Wednesday, November 17, 2021

Two Weeks in Another Town (Vincente Minnelli, 1962)

 

Vincente Minnelli’s Two Weeks in Another Town might seem overly self-referential in numerous respects: it’s a risk inherent in movies about movie-making, amplified here by the use of Minnelli’s own The Bad and the Beautiful to denote former and perhaps no longer attainable glories. The film transcends that trap partly because its love of the cinematic process is so palpable, immersing us in the atmosphere around the set and such things as the mechanics of dubbing; more broadly in the way that even a once-great filmmaker might lose his way with actors, with the cinematic apparatus itself. Minnelli himself of course evidences no such decline here, generating one amazingly expressive widescreen composition after another, culminating in a wildly self-purging nighttime car ride staged as a deliriously abstracted, swirling spectacle. It’s a work built on multiple personal fragilities, Kirk Douglas’ Jack Andrus leaving a high-end clinic (shades of Minnelli’s earlier The Cobweb) and coming to Rome (depicted here as a site of churn and displacement and shifting relationships) in the hope of resurrecting his Oscar-winning but now devastated acting career under the guidance of Edward G. Robinson’s legendary director Maurice Kruger.
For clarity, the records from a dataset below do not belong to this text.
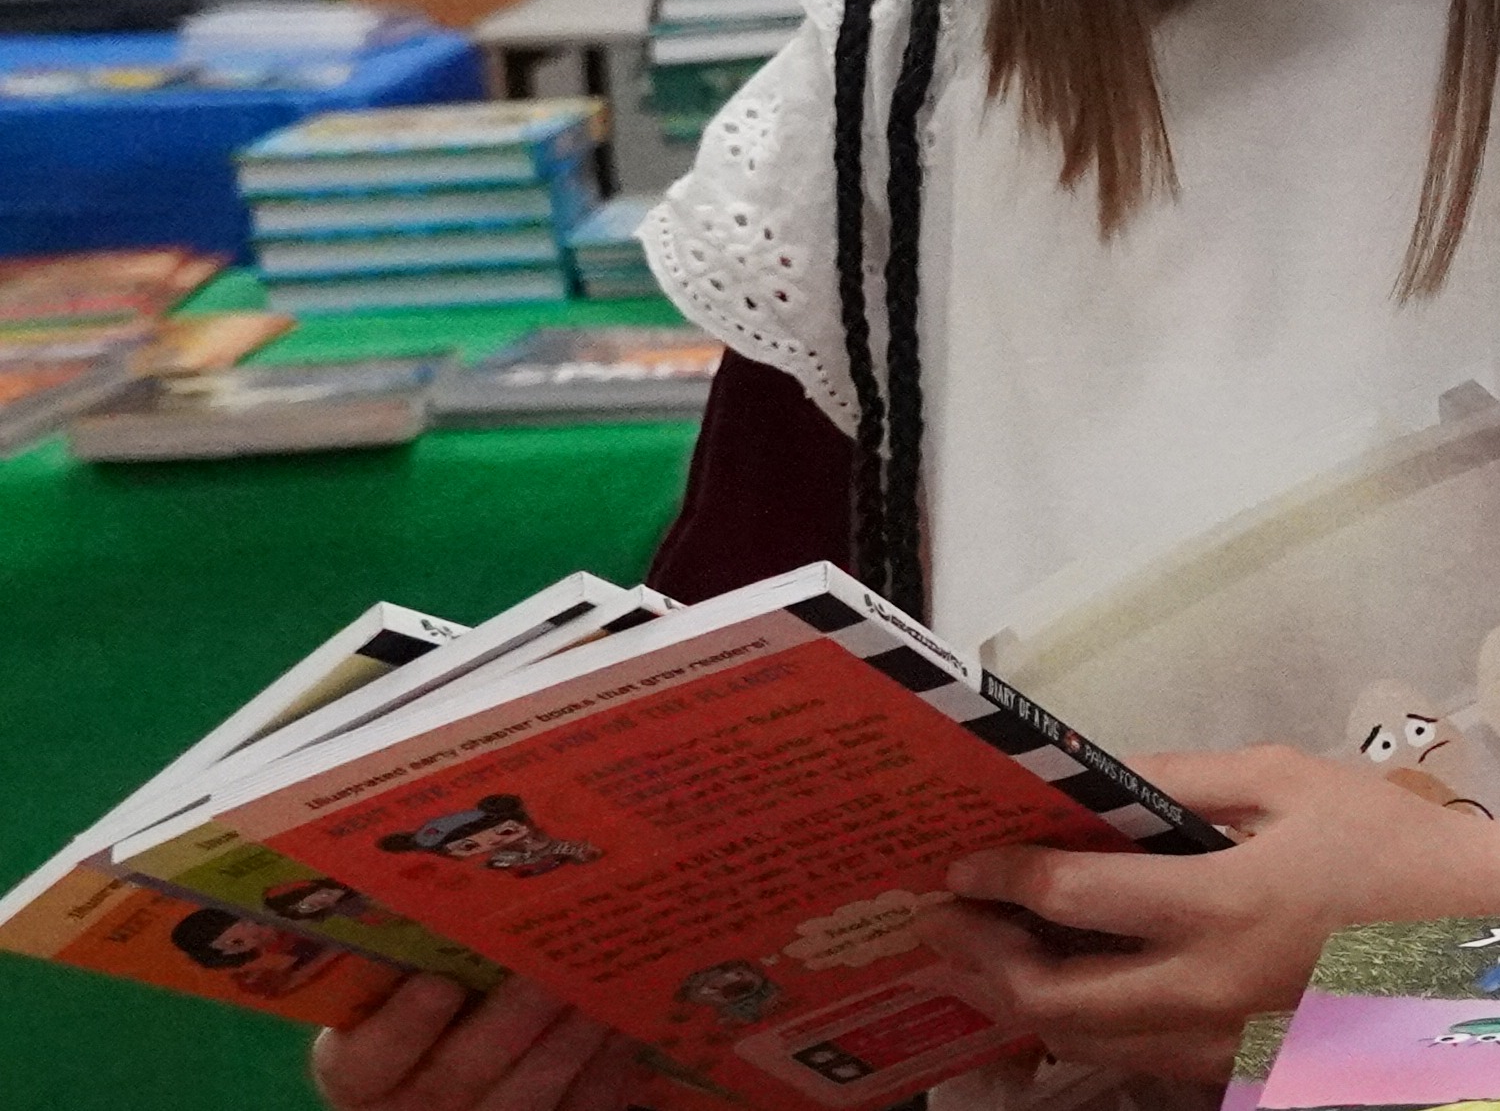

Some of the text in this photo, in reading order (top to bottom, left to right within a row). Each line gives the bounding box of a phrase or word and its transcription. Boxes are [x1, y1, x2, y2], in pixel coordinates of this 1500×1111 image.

[304, 767, 406, 809] Illustrated
[409, 747, 458, 770] early
[460, 719, 533, 751] chapter
[537, 697, 594, 723] books
[597, 681, 636, 702] that
[641, 666, 685, 688] grow
[988, 676, 1060, 741] DIARY OF A PUG
[1084, 744, 1184, 826] PAWS FOR A CAUSE
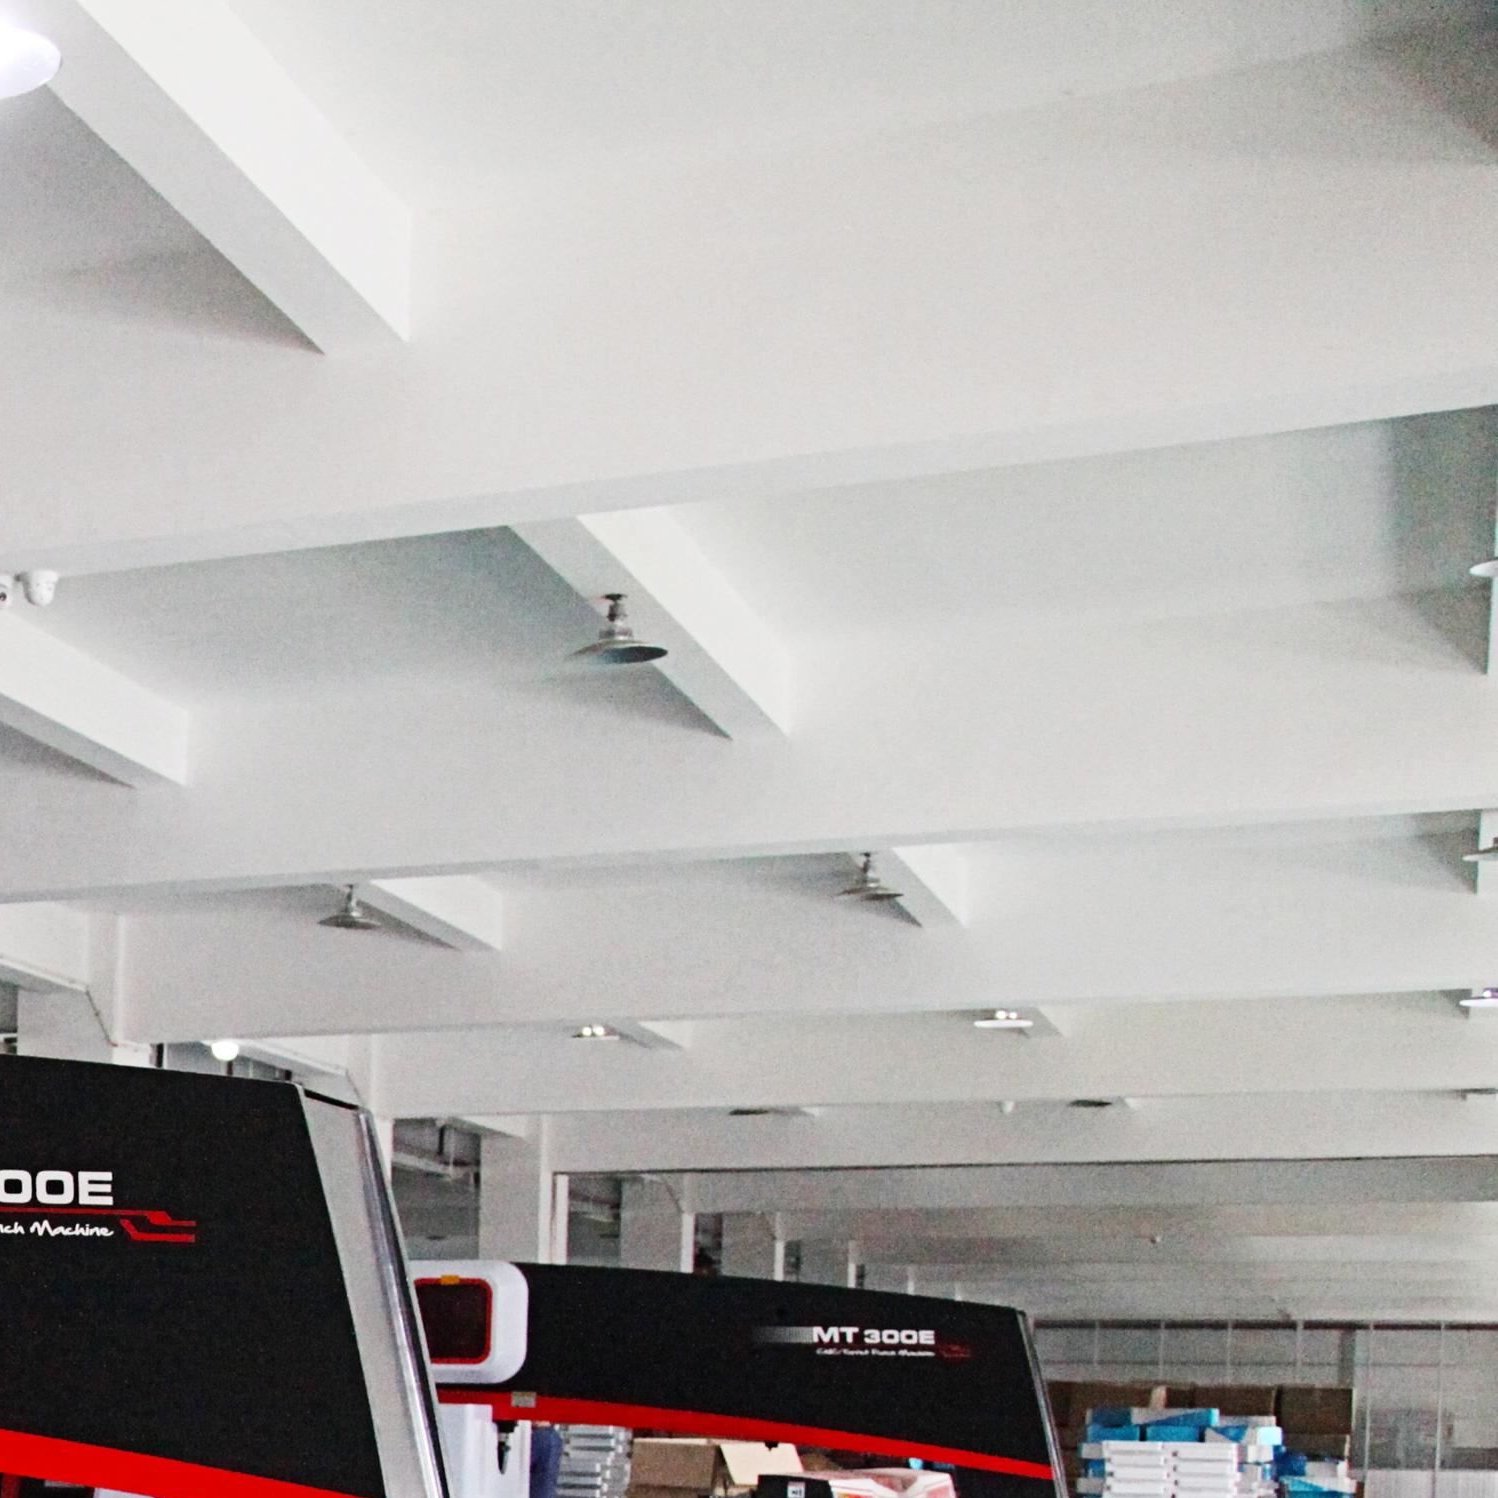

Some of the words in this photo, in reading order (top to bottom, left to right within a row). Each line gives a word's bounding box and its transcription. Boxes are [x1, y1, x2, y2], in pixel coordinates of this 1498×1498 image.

[29, 1219, 115, 1238] Machine
[812, 1326, 859, 1344] MT
[863, 1329, 936, 1345] 300E
Virtually from arrival, Andrus is taunted by actual or metaphoric reminders of past traumas; the elements aligning, as if guided by a therapeutic universe, to allow him a chance of comprehensive personal and professional renewal, before further setbacks point the way to a final equilibrium. The Andrus-Kruger interactions provide a memorably toxic central plank, the two men loving and resenting each other in roughly equal measure, Kruger’s outreach at once redeeming and destructive – he’s last seen in bed staring off into space after delivering his final blow, like a man imploding from the force of his own impossibility (and left under the thumb of his wife, with whom he has – if it’s possible – an even more spectacularly passive-aggressive relationship).